Suddenly a shout drifted down from the rafters: Dr. Woodard is still here!

Moments later, a diminutive woman, thin as a Communion wafer, 5 feet tall in flats, parted the sea of worried parishioners washing into the aisle where Carver lay.

Kneeling, she took up his wrist in her hands. His skin felt cold. She blew small puffs into his mouth and laid her hands on him, pumping her palms, trying to force life back into his limp body, inaudible words on her lips.

After a time, he opened his eyes.

And Vivian Woodard opened her mouth.

“She said, ‘Praise the Lord,’ Teresa recalls. “She had the biggest grin.”

Traditionally, doctors have treated faith and medicine as opposing spheres, not symbiotic points along one continuum. Woodard isn’t one of those doctors.

Teresa Carver believes that when Woodard grinned after completing her part in Carver’s near-Lazarus story, she was merely giddy with joy. Joy that she was in her element, practicing the two things she most loves: praising the Lord and healing others.

Her medical license titles her an “internist,” but her concern for the sick often goes to something deeper than any X-ray can reveal.

Each weekday, she tends the sick and afflicted who come to Emmanuel Christian Health Center, giving physicals, prescribing the right drug. Sometimes God leads her to pray with the sick.

She provides free flu shots for seniors and gives complimentary school physicals to low-income kids.

And she makes house calls.

Her patients are black, white, and Hispanic. Some are believers; some believe only in the power of pills. But race and faith don’t matter. Woodard will prescribe a cure for the body and suggest the cure for the soul.

“A lot of people just want their prescription,” she says. “They don’t want the real medicine.”

Her approach is to first show people Christian love, not smack them with the King James.

She moves about Central Florida paying visits to shut-ins, praying with grieving spouses, hatching ways for the uninsured to pay for desperately needed medications. Her God-given tools — a quiet voice, the compassion of a saint, an open line to the Lord, and a wide smile that warms up any chilly examination room — don’t fit in the medical bag she’s carried since she graduated from Harvard Medical School in 1982.

As strongly as Woodard believes in the healing power of prayer, she knows no one lives forever — something she learned after a 28-year-old patient in the Watts area of Los Angeles died of heart failure even after Woodard fasted and prayed.

“To me, her living was the most important thing that could happen to her,” she says. “From God’s point of view, life is a vapor, a short part of the eternal continuum, so he’s not as wrapped up in keeping us down here walking around forever as he is in keeping us with him in heaven forever. Sometimes, when we pray for people, we lose sight of that.”

She has no patience with Sunday Christians. Her philosophy is that believers shouldn’t check their faith at the office door.

For doctors, it isn’t always easy, she says, pointing to the case of Dr. David Hager, a Kentucky obstetrics-gynecologist being considered for a slot and possibly chairmanship of the Food and Drug Administration’s Reproductive Health Drugs Advisory Committee.

Hager has come under fire from women’s groups for his faith-based medicine. In his private practice, he reportedly refuses contraceptives for unmarried women.

“I say bravo for him,” Woodard says about the backlash. “Just because people take exception with what you do, or persecute you for it, doesn’t make it wrong.”

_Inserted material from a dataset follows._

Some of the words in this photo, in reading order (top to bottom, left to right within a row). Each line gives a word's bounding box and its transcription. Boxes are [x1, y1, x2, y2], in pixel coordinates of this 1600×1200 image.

One patient was so put off by Woodard’s offer to pray with him that he harrumphed straight out her office.

Eyes widening like a child engaged in mischief, Woodard says, “I prayed for him under my breath.”

At 45, Woodard is a respected physician with busy clinics in Clermont and Lady Lake in Lake County, and a third office, recently opened in Orlando’s Pine Hills community.

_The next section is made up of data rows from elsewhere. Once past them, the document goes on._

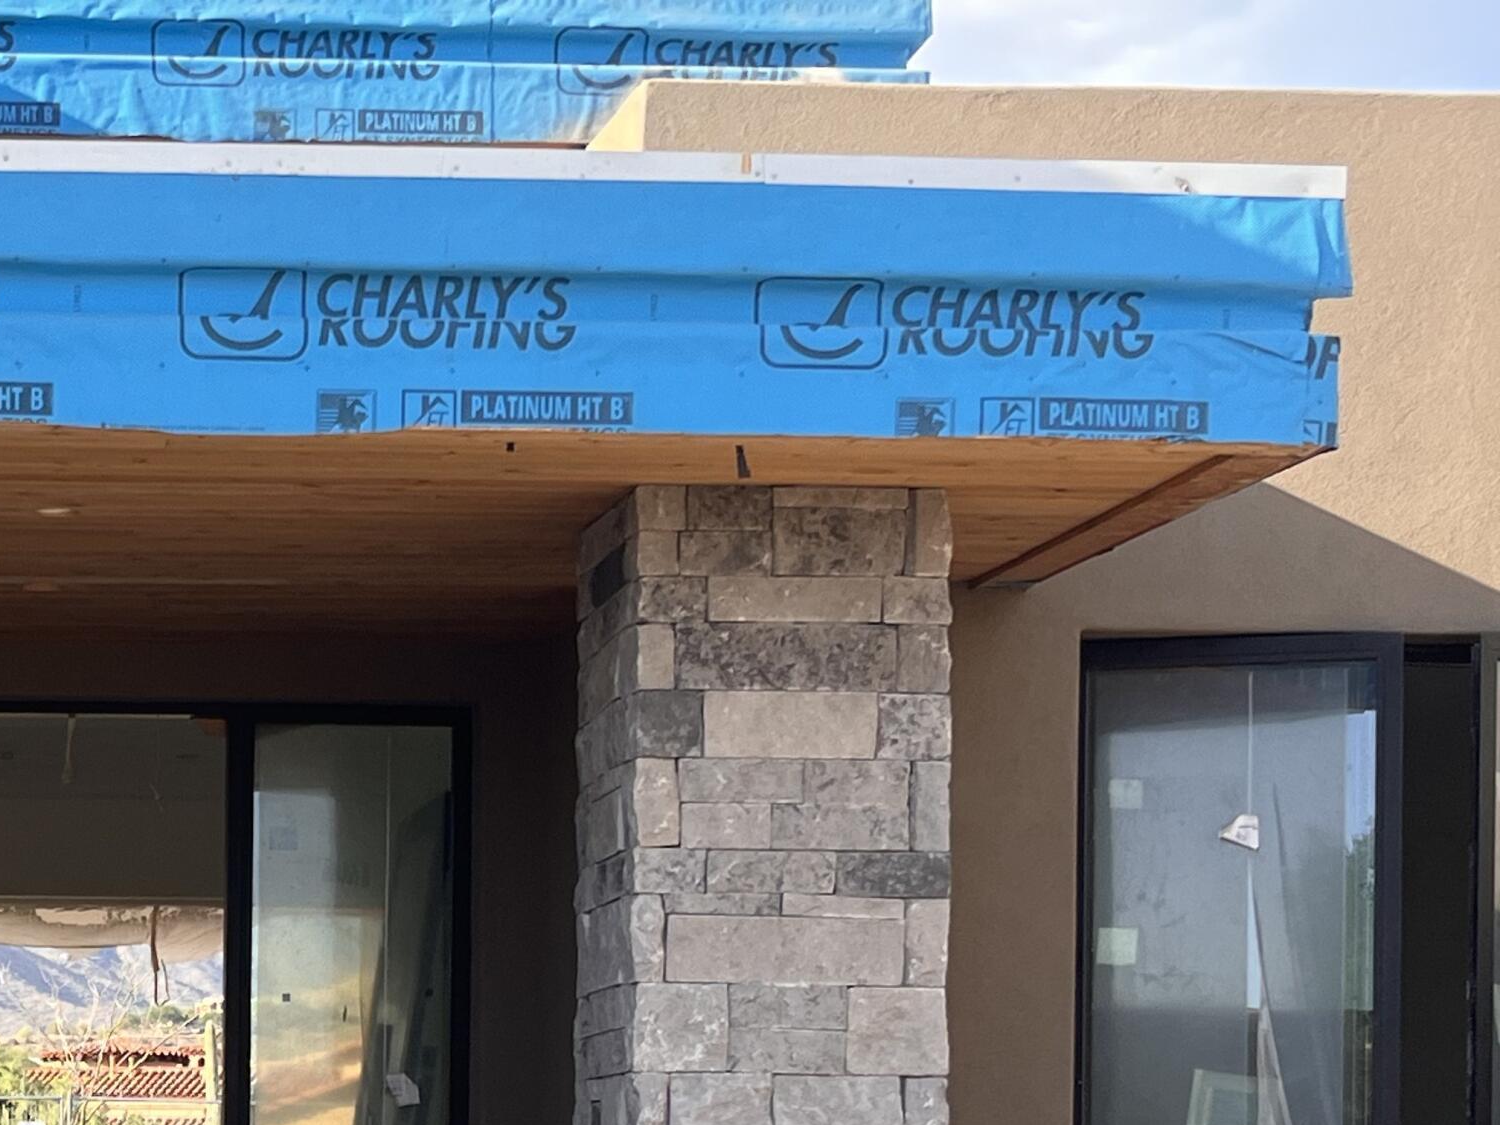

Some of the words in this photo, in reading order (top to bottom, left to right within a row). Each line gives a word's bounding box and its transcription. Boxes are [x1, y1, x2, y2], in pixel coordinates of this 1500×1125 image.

[252, 28, 437, 60] CHARLY'S
[655, 38, 840, 68] CHARLY'S
[20, 105, 38, 123] HT
[43, 106, 53, 123] B
[365, 112, 439, 132] PLATINUM
[443, 113, 461, 132] HT
[466, 114, 476, 132] B
[317, 273, 571, 320] CHARLY'S
[892, 285, 1145, 331] CHARLY'S
[31, 387, 43, 411] B
[471, 395, 571, 420] PLATINUM
[578, 396, 603, 420] HT
[610, 397, 623, 420] B
[1050, 402, 1147, 428] PLATINUM
[1155, 404, 1179, 428] HT
[1186, 406, 1199, 430] B
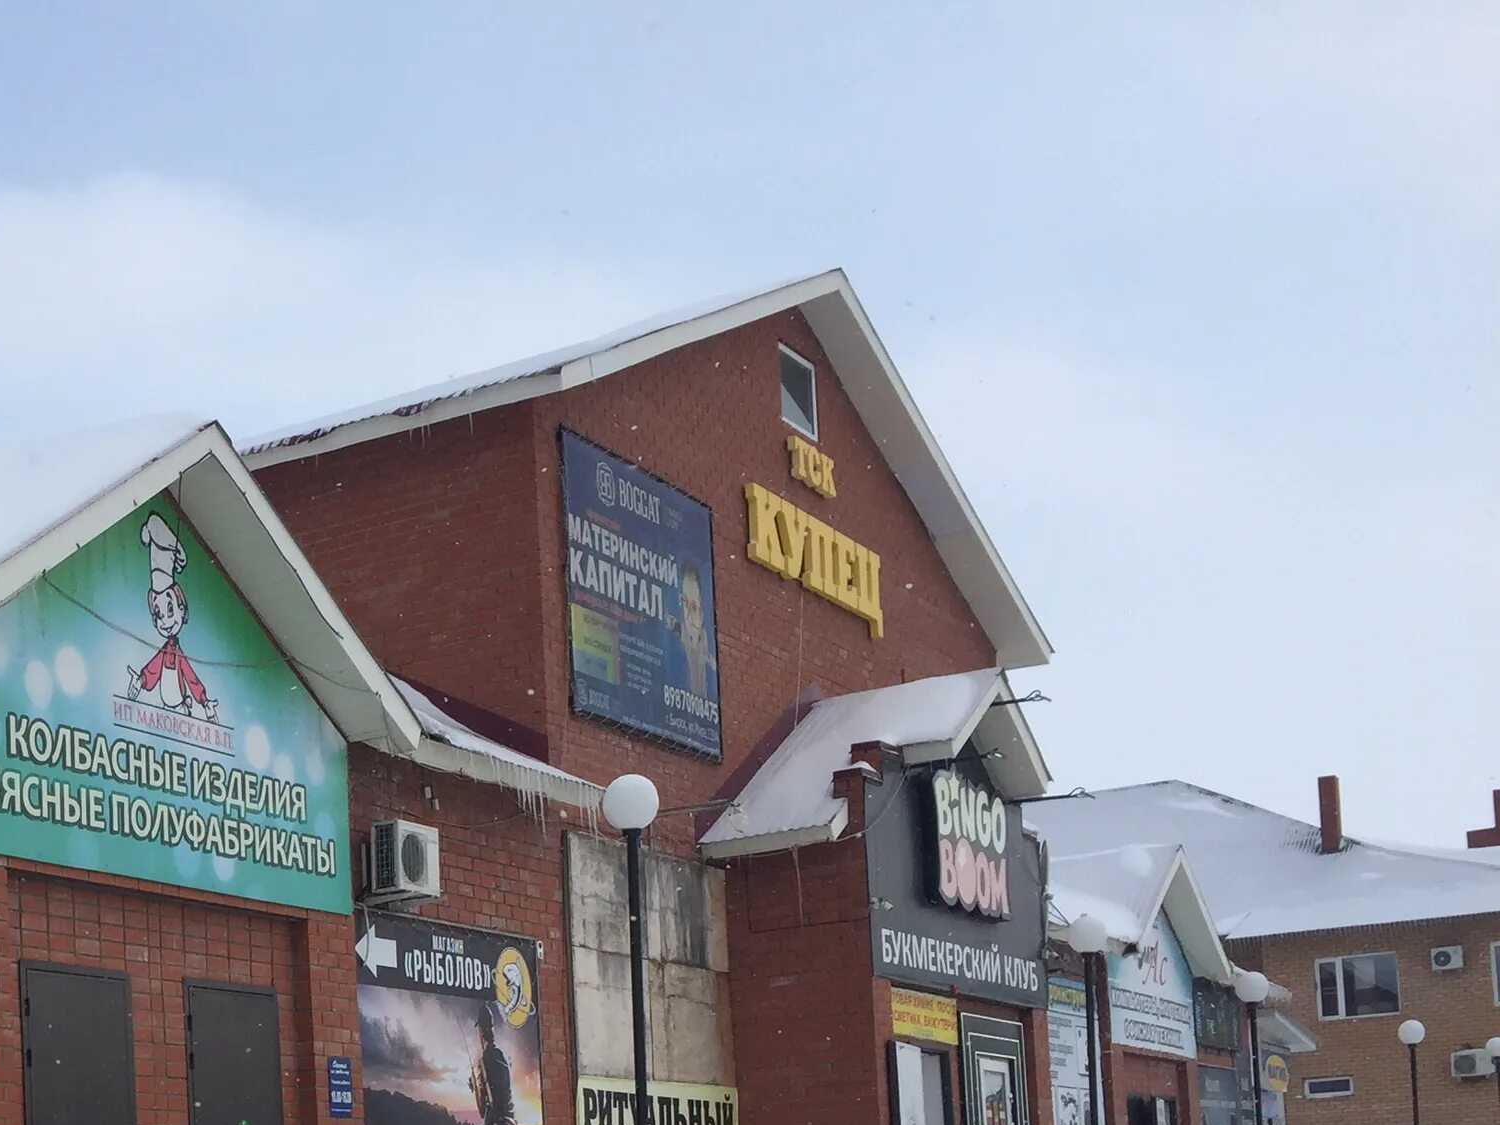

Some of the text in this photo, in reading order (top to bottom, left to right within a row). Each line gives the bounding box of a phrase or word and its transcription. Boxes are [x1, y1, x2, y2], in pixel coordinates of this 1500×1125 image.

[618, 479, 660, 524] BOGGAT
[787, 435, 836, 499] ТСК
[568, 512, 679, 588] МАТЕРИНСКИЙ
[570, 547, 662, 621] КАПИТАЛ
[745, 482, 884, 639] КУПЕЦ
[137, 709, 211, 741] МАКОВСКАЯ
[7, 712, 307, 823] КОЛБАСНЫЕ ИЗДЕЛИЯ
[109, 791, 337, 877] ПОЛУФАБРИКАТЫ
[939, 838, 1010, 914] BOOM
[405, 948, 491, 990] «РЫБОЛОВ»
[432, 934, 464, 956] МАГАЗИН
[881, 928, 1039, 991] БУКМЕКЕРСКИЙ КЛУБ

You’d expect her to be living large.

A Mediterranean compound in Isleworth?

Try a two-bedroom rental in Clermont.

“A room for me, one for my junk,” she says.

A closet choked with clothes bearing Armani and Gucci labels?

On a recent afternoon, she wears a double-breasted pinstriped suit, thinning at the collar, white hose, and navy leather flats so scuffed at the toes you’d think they belonged to a third-grade boy.

Old clothes neatly pressed.

“I don’t get any taller, don’t get any fatter, so there’s no point buying clothes,” she insists. “Fashion doesn’t mean anything to me, so I just wear the same clothes I wore 20 years ago.”

What does mean something to her is her causes. Her money goes elsewhere. To her church. To Christian missions in Colombia and Africa. To her nonprofit group, In His Care Medical Ministries, an organization she started in 1996 and through which she offers the homeless and indigent free flu shots, skin cancer screenings, and other free or low-cost medical services.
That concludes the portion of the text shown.